### Work order
When you copy the entries, keep every word exactly as it is and drop the images.

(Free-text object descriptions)
..............................

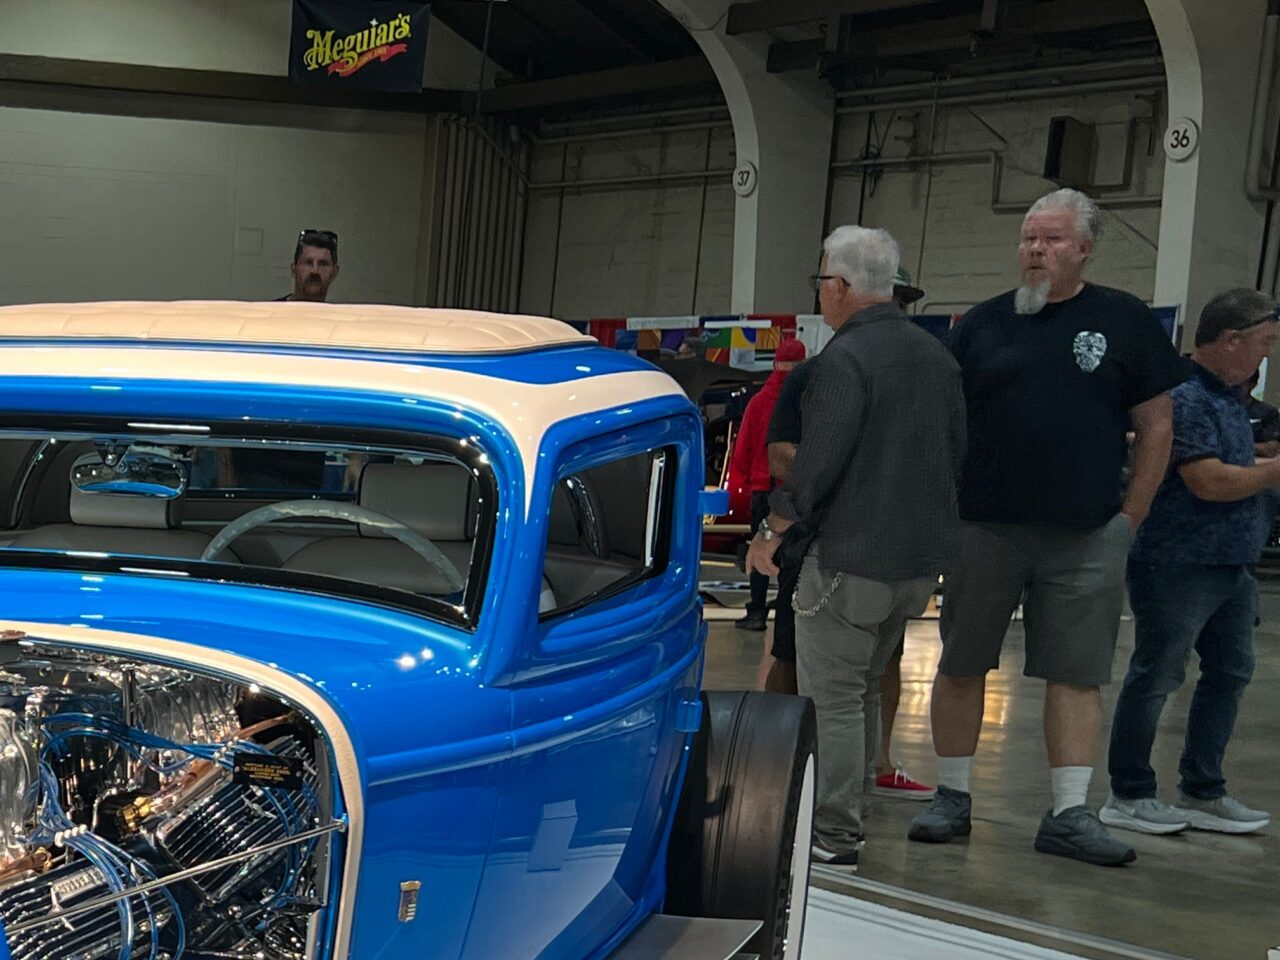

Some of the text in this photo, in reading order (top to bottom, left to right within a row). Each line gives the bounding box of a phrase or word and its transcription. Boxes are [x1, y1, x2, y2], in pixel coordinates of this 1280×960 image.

[304, 13, 411, 72] Meguiar's
[1170, 128, 1189, 149] 36
[737, 170, 750, 187] 37
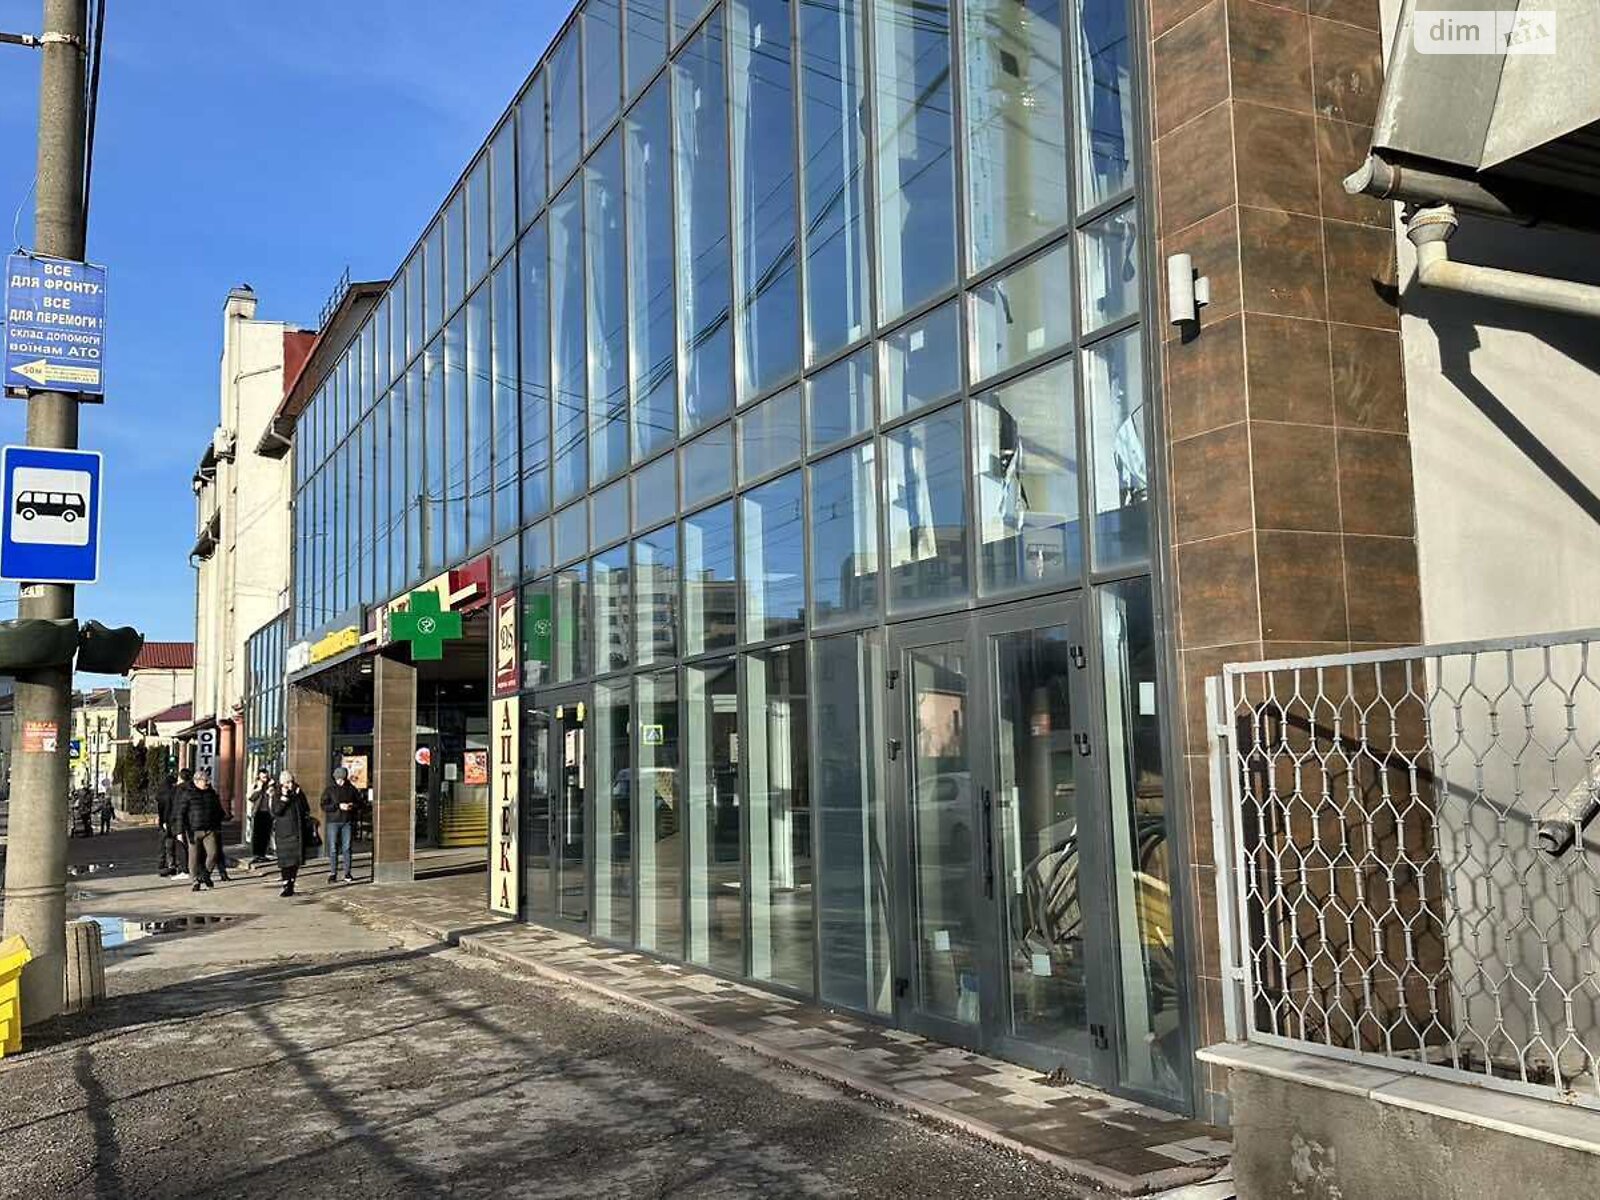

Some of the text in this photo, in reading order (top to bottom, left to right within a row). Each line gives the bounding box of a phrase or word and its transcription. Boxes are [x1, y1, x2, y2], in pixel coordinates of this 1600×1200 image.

[44, 264, 72, 277] ВСЕ
[11, 275, 40, 289] ДЛЯ
[43, 297, 71, 310] ВСЕ
[9, 309, 33, 322] ДЛЯ
[36, 311, 97, 328] ПЕРЕМОГИ
[46, 332, 100, 346] допомоги
[67, 346, 100, 359] АТО
[500, 700, 512, 909] АПТЕКА
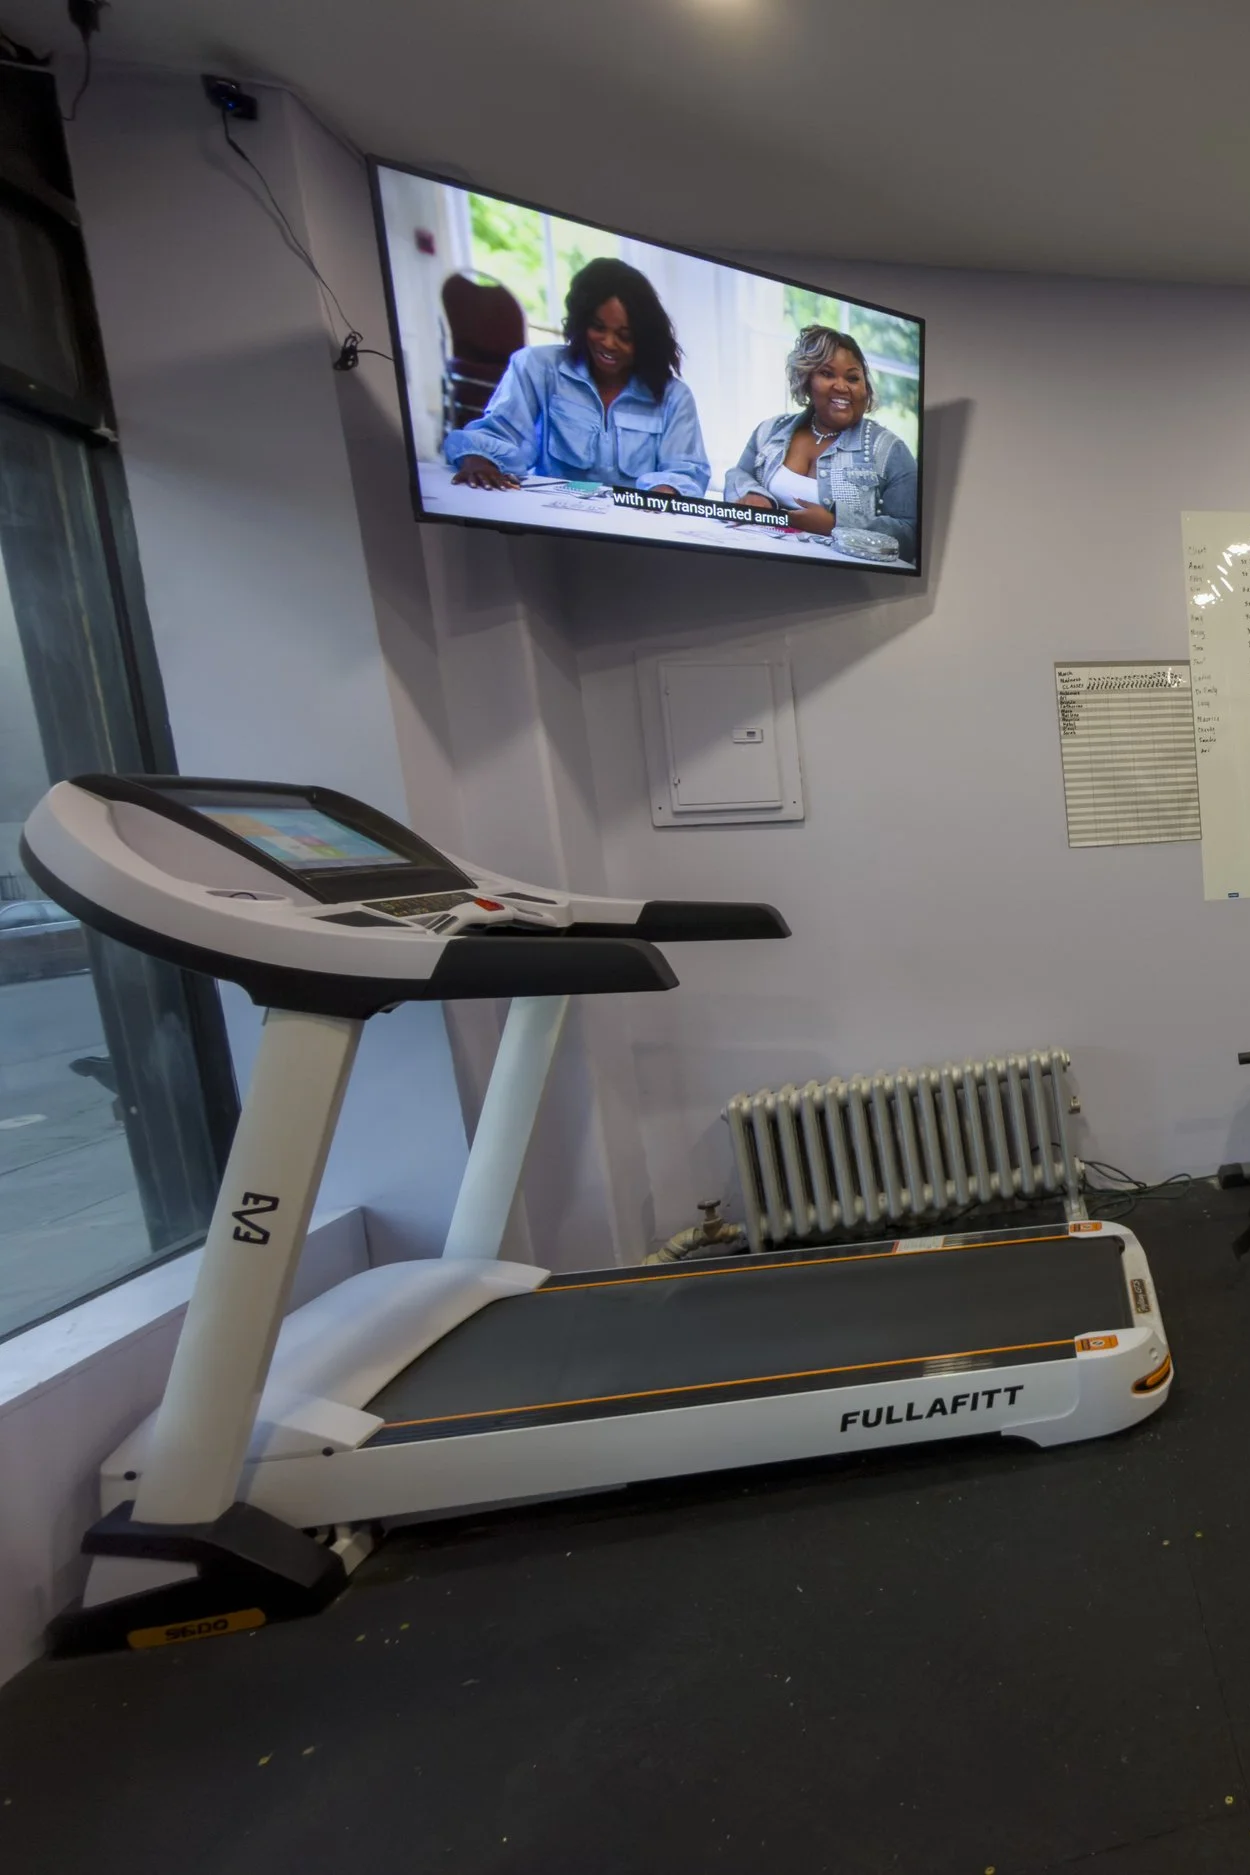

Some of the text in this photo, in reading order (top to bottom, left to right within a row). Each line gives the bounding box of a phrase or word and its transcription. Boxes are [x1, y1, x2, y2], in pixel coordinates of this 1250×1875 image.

[613, 492, 789, 526] with my transplanted arms!
[839, 1384, 1025, 1433] FULLAFITT

..............................

### Solution for this problem
Some of the text in this photo, in reading order (top to bottom, left to right within a row). Each line gives the bounding box of a phrase or word and its transcription. Boxes are [x1, y1, x2, y2], in pixel coordinates of this 1280×960 image.

[304, 13, 411, 72] Meguiar's
[1170, 128, 1189, 149] 36
[737, 170, 750, 187] 37

Some of the text in this photo, in reading order (top to bottom, left to right within a row). Each line gives the bounding box of a phrase or word and its transcription. Boxes are [x1, y1, x2, y2], in pixel coordinates of this 1600×1200 image.

[44, 264, 72, 277] ВСЕ
[11, 275, 40, 289] ДЛЯ
[43, 297, 71, 310] ВСЕ
[9, 309, 33, 322] ДЛЯ
[36, 311, 97, 328] ПЕРЕМОГИ
[46, 332, 100, 346] допомоги
[67, 346, 100, 359] АТО
[500, 700, 512, 909] АПТЕКА

Some of the text in this photo, in reading order (top to bottom, left to right within a row). Each line gives the bounding box of a phrase or word and its transcription. Boxes are [x1, y1, x2, y2], in pixel coordinates of this 1250×1875 image.

[613, 492, 789, 526] with my transplanted arms!
[839, 1384, 1025, 1433] FULLAFITT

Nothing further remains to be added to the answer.